Thursday, January 28, 2010

9 years of grudges and back pain healed by Jesus

Young Jae Ahn :: junior :: landscape architecture

There was someone who I had a grudge against for a long time. September 28, 2000, my life had completely changed because of two people. I crossed the road without caution and a driver passed our school bus as I was crossing the road and he hit me. My head hit the car’s windshield and my hair got jammed in the cracks of the window and my blood covered the windshield. My mom said it was the most horrible scene she had ever witnessed. That day was a day before midterm exams so the first thing I said after I hit the car was, “Oh… no. I have screwed up my midterms.” Honestly, after 30 seconds, it didn’t hurt at all so I thought I was ok, but I was not ok. Doing poorly on my midterms was nothing compared with what tortured me for 9 years. Thankfully, only my back bone was broken because I fell down on the lawn not asphalt road.


When I was in the hospital, doctors and nurses immobilized me and I had to use a wheelchair. I could walk but I was not allowed to walk for three months. In that time, I didn’t even feel the pain so I was always complaining. I began to think of what it would be like if he had not hit me. I could hang out with my friends and go to school and so on. I hated him.


After coming back home my pain started. If my back bone pinched once, I had to call my brother or my parents. Even in school, I needed to someone next to me at all times to help me stand or sit even though I did not use a wheelchair. However, I began to heal, little by little, so the pinching in my back was less frequent. On the other hand, I could not sleep without painkillers at least twice a week. It was nearly impossible to sit or stand without the painkillers. Two or three times a year, the left side of my body was paralyzed after dreaming of that accident. I still remember his face. He was crying, and scared. 9 years ago, I didn’t understand what he felt through this accident; I just cared about myself because I was in so much pain. I am not certain, but he may dream about this accident too.


I met three doctors and went through physical rehabilitation, (swimming treatment, injection treatment and massage,) and several medications. The only reason that I did not have surgery was there is no guarantee that it would heal my back. My only wish was to heal my back. I felt that if someone healed my back, I could do anything. All three doctors said there would be no perfect cure because one of the disks between my back bones was pressing nerves so that I would have this pain for the rest of my life.


However, when I came to the United States from Korea, I fell in love with Jesus. This was unexpected because I used to believe that religious people were crazy. After my conversion to Christianity, my back immediately stopped hurting. For the first month, I thought it was weird and that I would probably still need painkillers to fall asleep, but I did not. As time went by, it became clear. I realized that Jesus cured my back after I had begun praying to Him. It has been 6 months without pain. Simply sitting down, watching movies, or writing essays are miracles to me. I wish I could tell the man that hit me that he did not ruin my life, he saved it. He allowed me to see Jesus and Jesus’ power. I still remember that man’s face and I used to hate him, but I do not hate him anymore. I hope he is free from the pain that accident may have caused him, just as I am.

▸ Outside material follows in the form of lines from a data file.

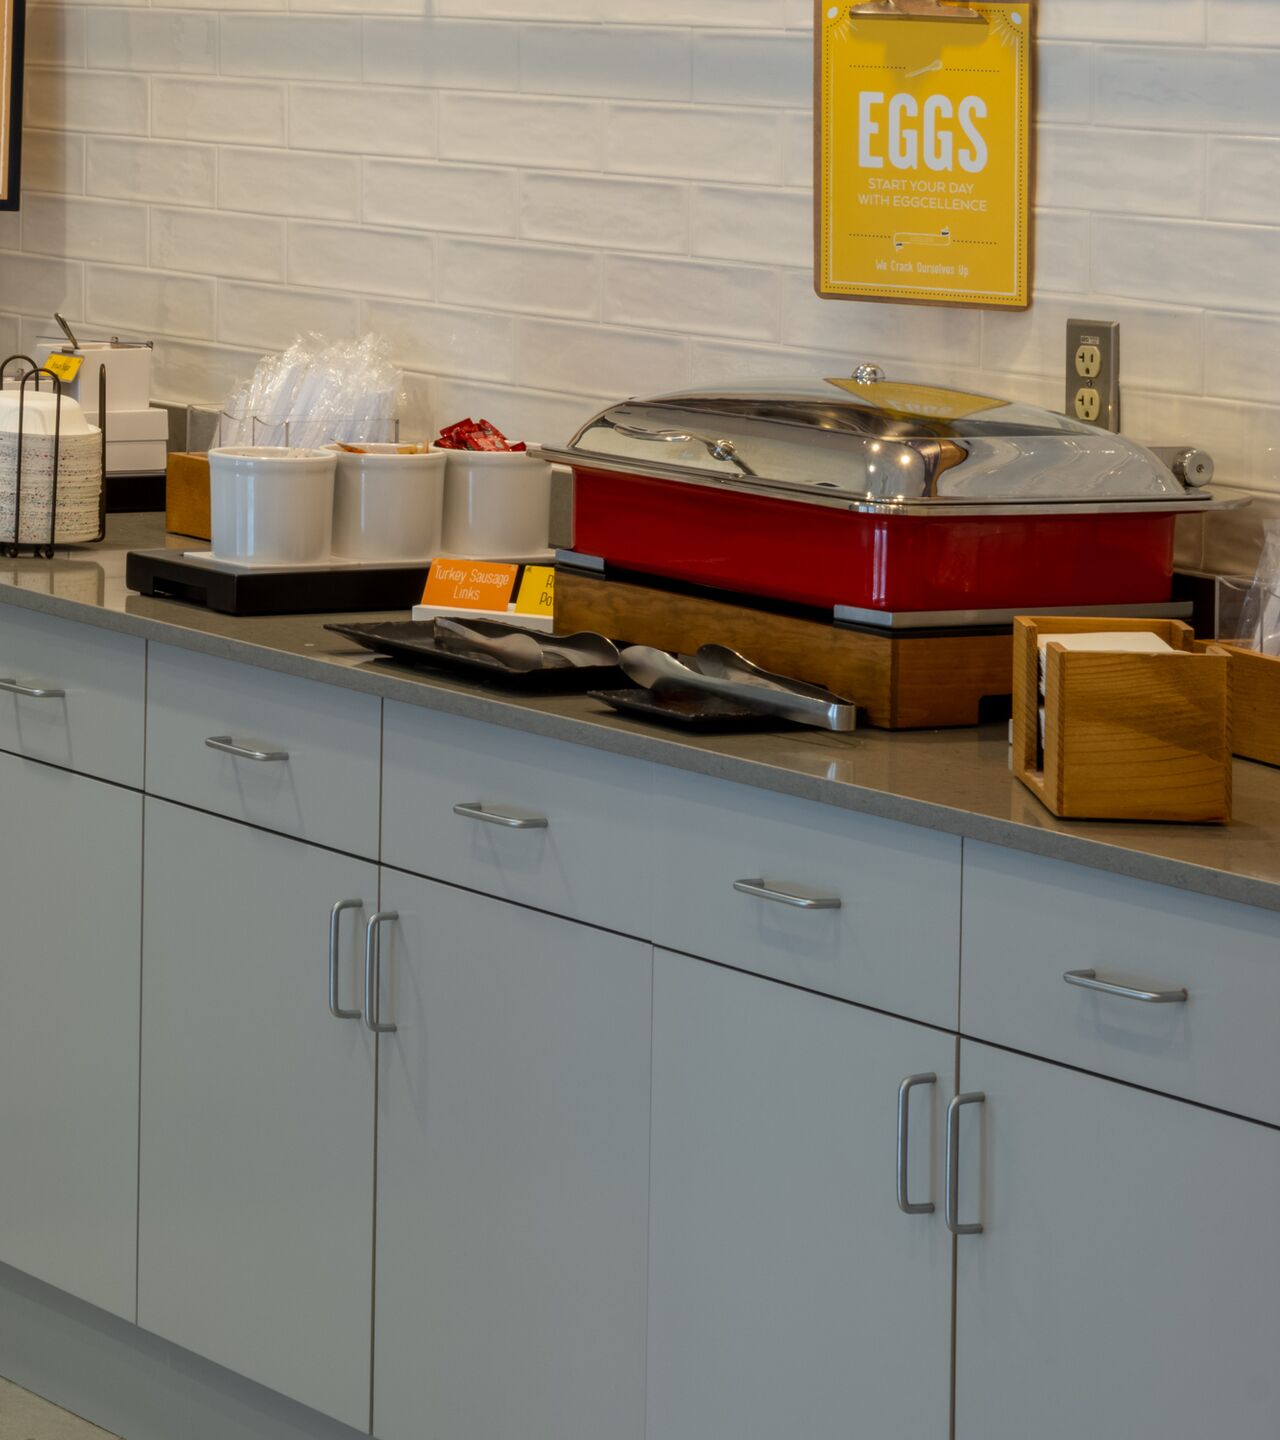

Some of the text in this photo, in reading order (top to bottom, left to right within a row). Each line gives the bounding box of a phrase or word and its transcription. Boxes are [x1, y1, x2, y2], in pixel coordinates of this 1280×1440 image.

[858, 90, 988, 174] EGGS
[868, 177, 974, 194] START YOUR DAY
[858, 193, 987, 212] WITH EGGCELLENCE
[435, 565, 510, 588] Turkey Sausage
[453, 586, 480, 600] Links
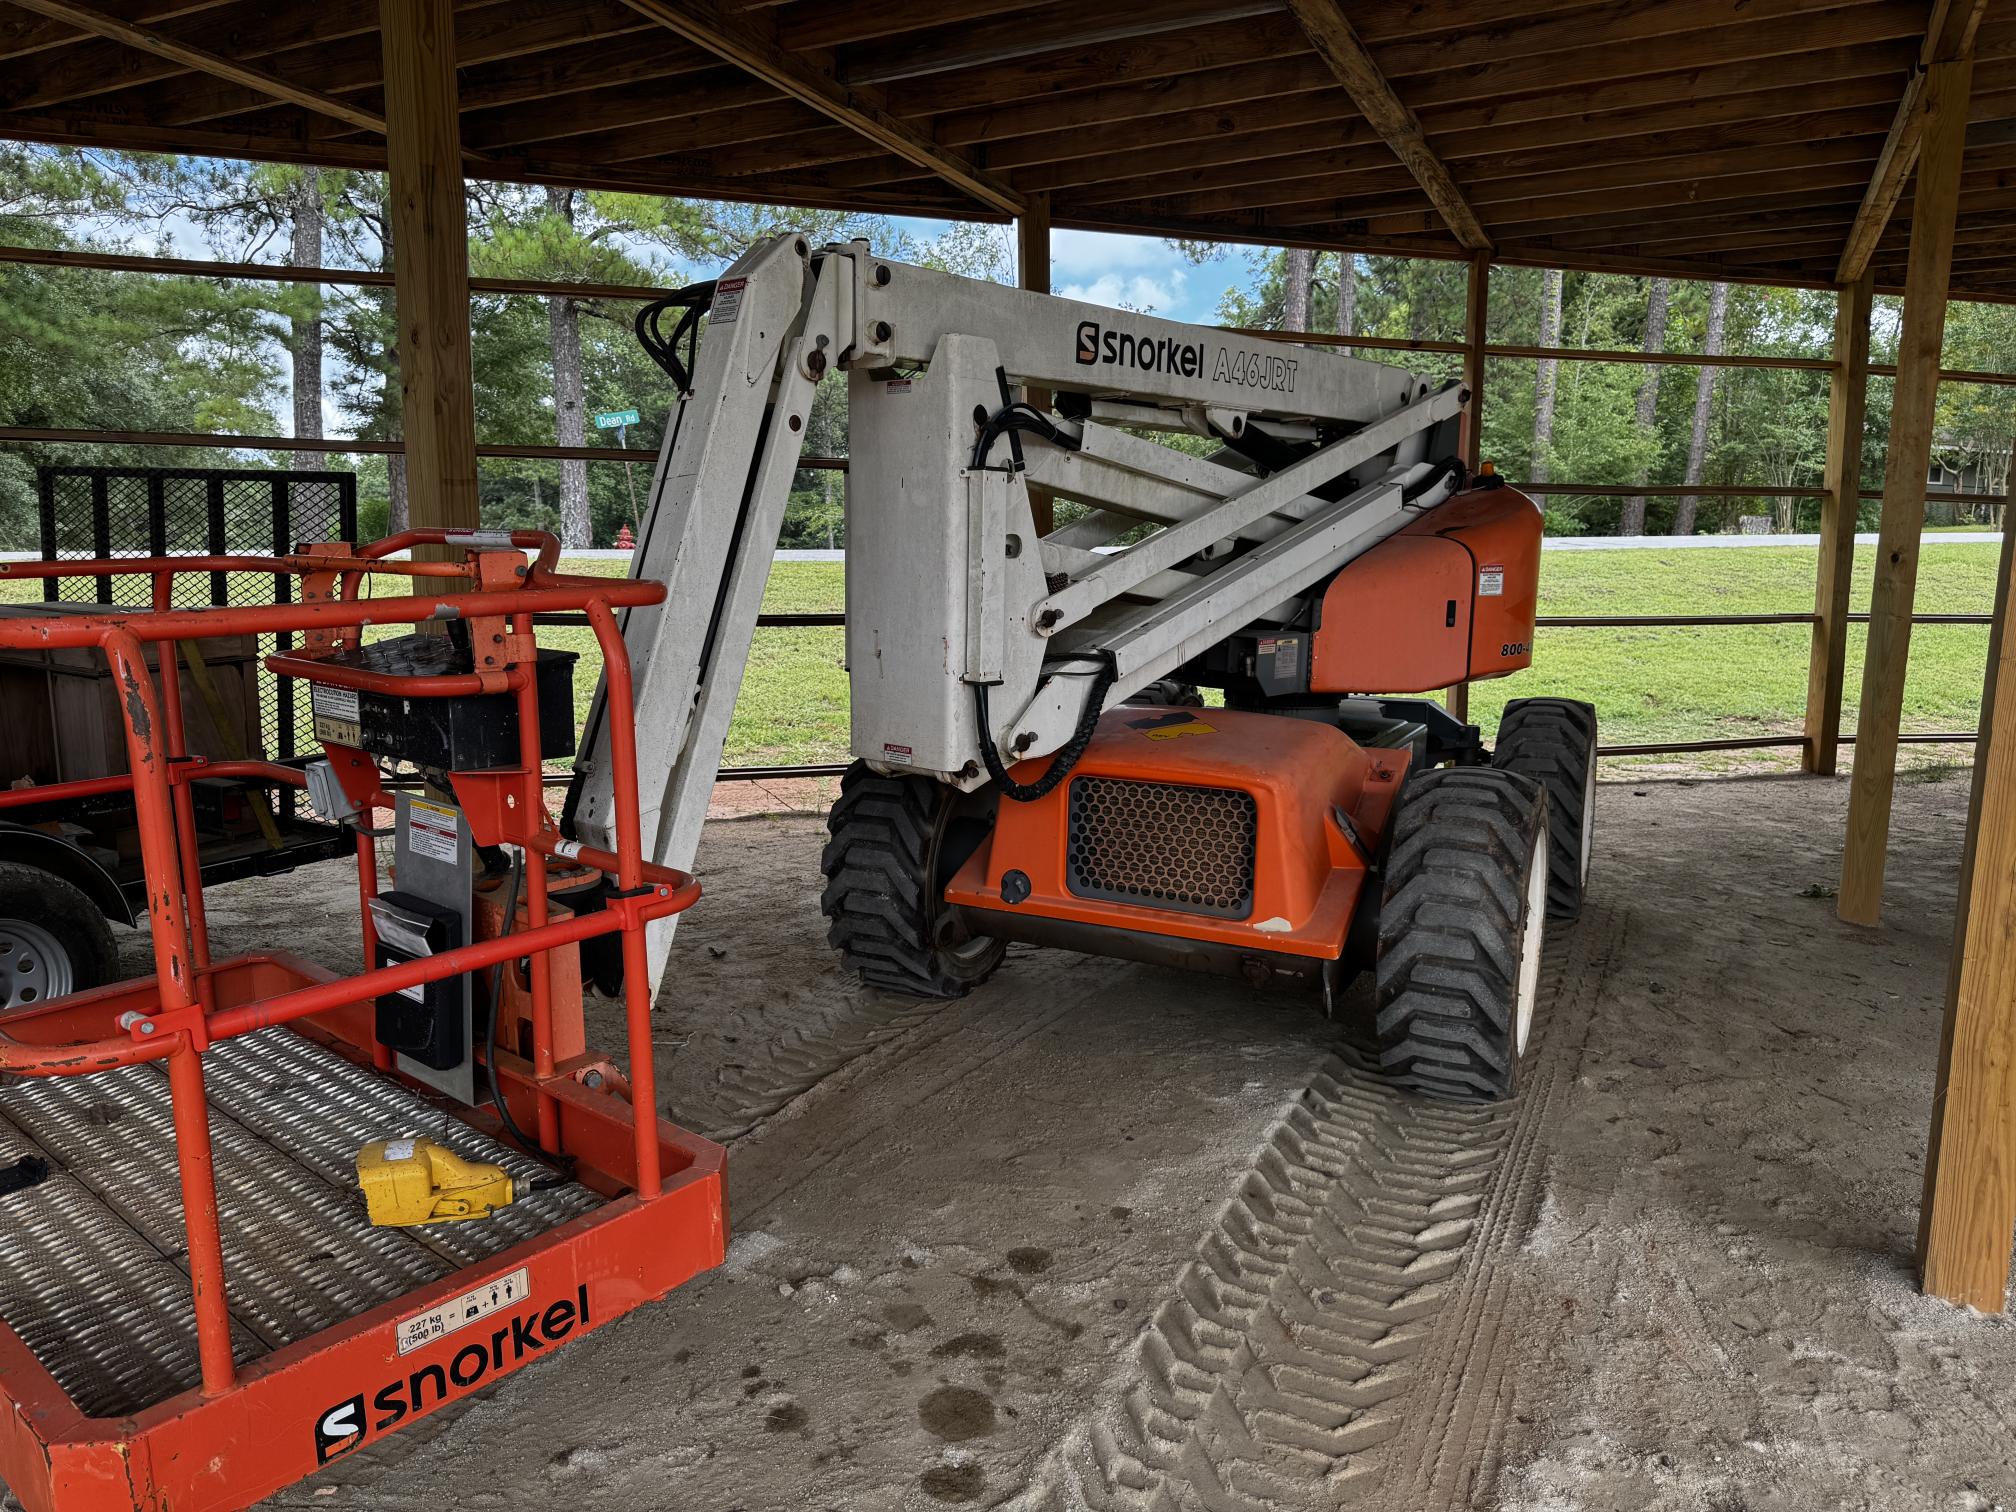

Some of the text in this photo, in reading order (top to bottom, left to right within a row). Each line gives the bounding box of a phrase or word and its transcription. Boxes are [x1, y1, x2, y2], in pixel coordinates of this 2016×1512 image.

[1102, 330, 1205, 379] snorkel
[1212, 347, 1298, 393] A46JRT
[599, 414, 636, 426] Dean Rd
[408, 1322, 444, 1346] (500 lb)
[409, 1314, 442, 1333] 227 kg
[373, 1283, 590, 1432] snorkel
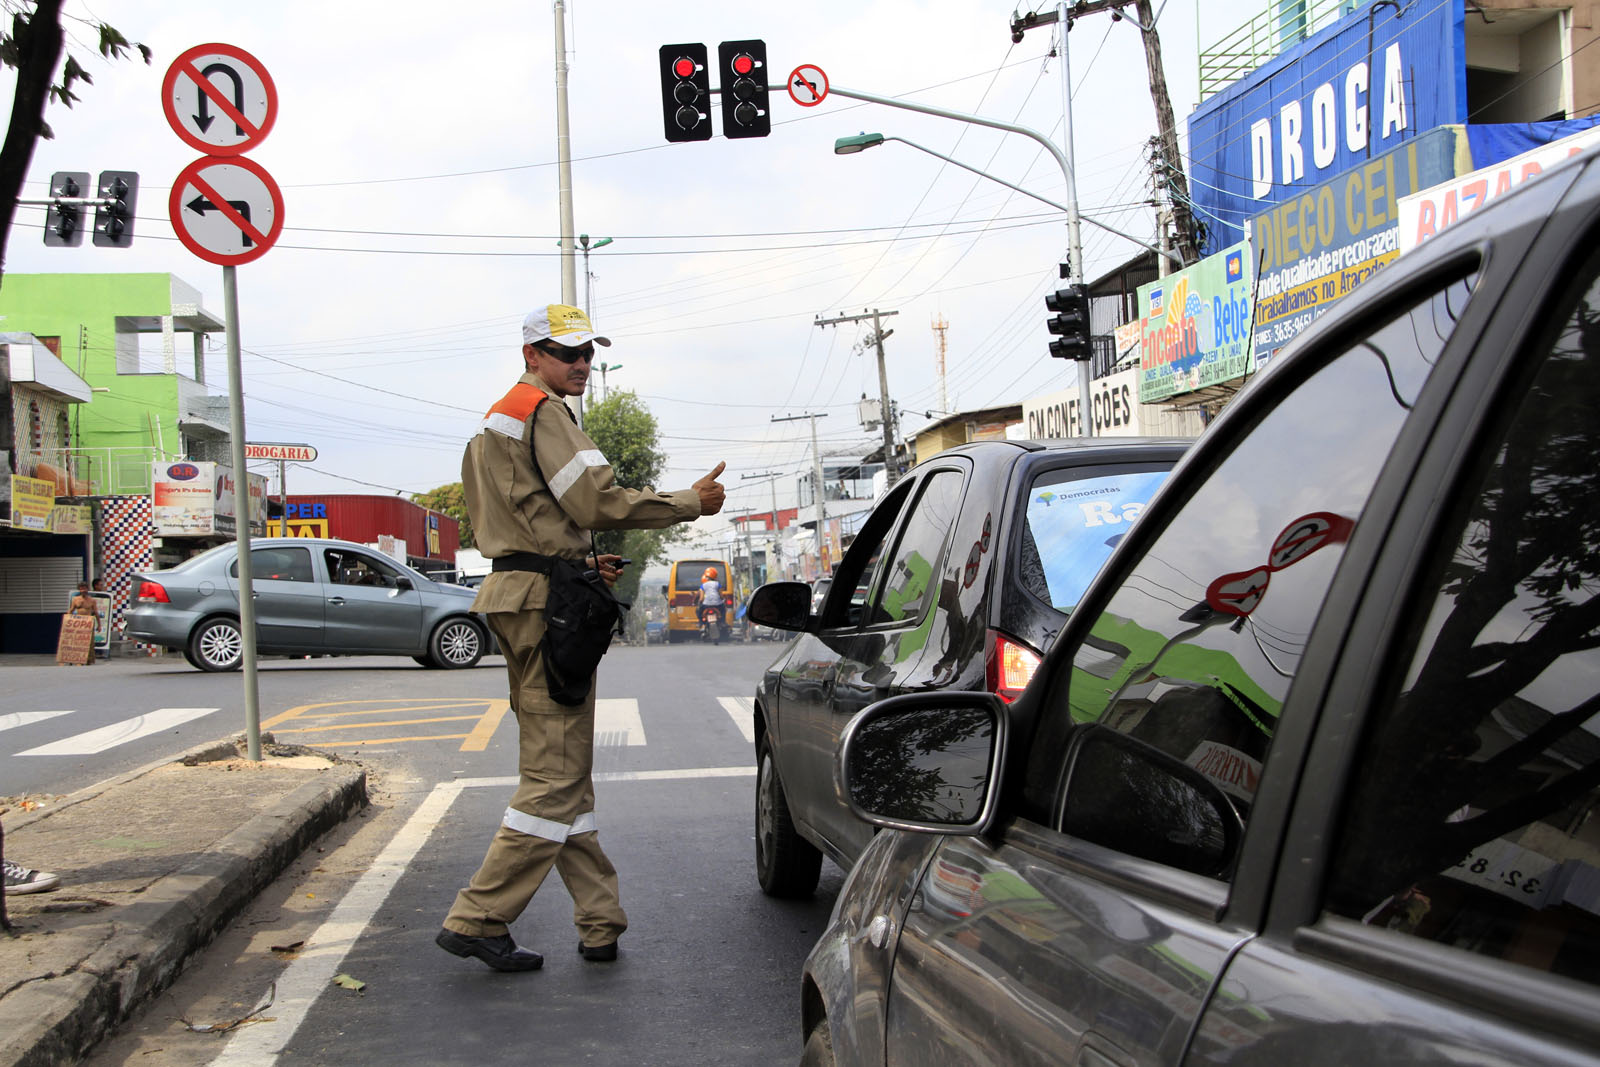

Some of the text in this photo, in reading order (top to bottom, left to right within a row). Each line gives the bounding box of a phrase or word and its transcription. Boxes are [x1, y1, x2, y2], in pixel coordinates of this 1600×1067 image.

[1251, 42, 1407, 199] DROGA
[1257, 186, 1335, 273] DIEGO
[1256, 285, 1318, 323] Trabalhamos
[1322, 280, 1335, 300] no
[1141, 311, 1197, 371] Encanto
[1214, 287, 1248, 348] Bebê
[1047, 382, 1130, 438] CONFEÇÕES
[244, 446, 310, 459] DROGARIA
[1060, 486, 1121, 501] Democratas
[65, 620, 92, 629] SOPA

Sometimes, things that seem bad but they are not actually bad. My life has completely changed because of that accident. That accident was not horrible car accident. It was perfect miracle.

John 9:2-3  And His disciples asked Him, saying, “Rabbi, who sinned, this man or his parents, that he was born blind?”

Jesus answered, “Neither this man nor his parents sinned, but that the works of God should be revealed in Him."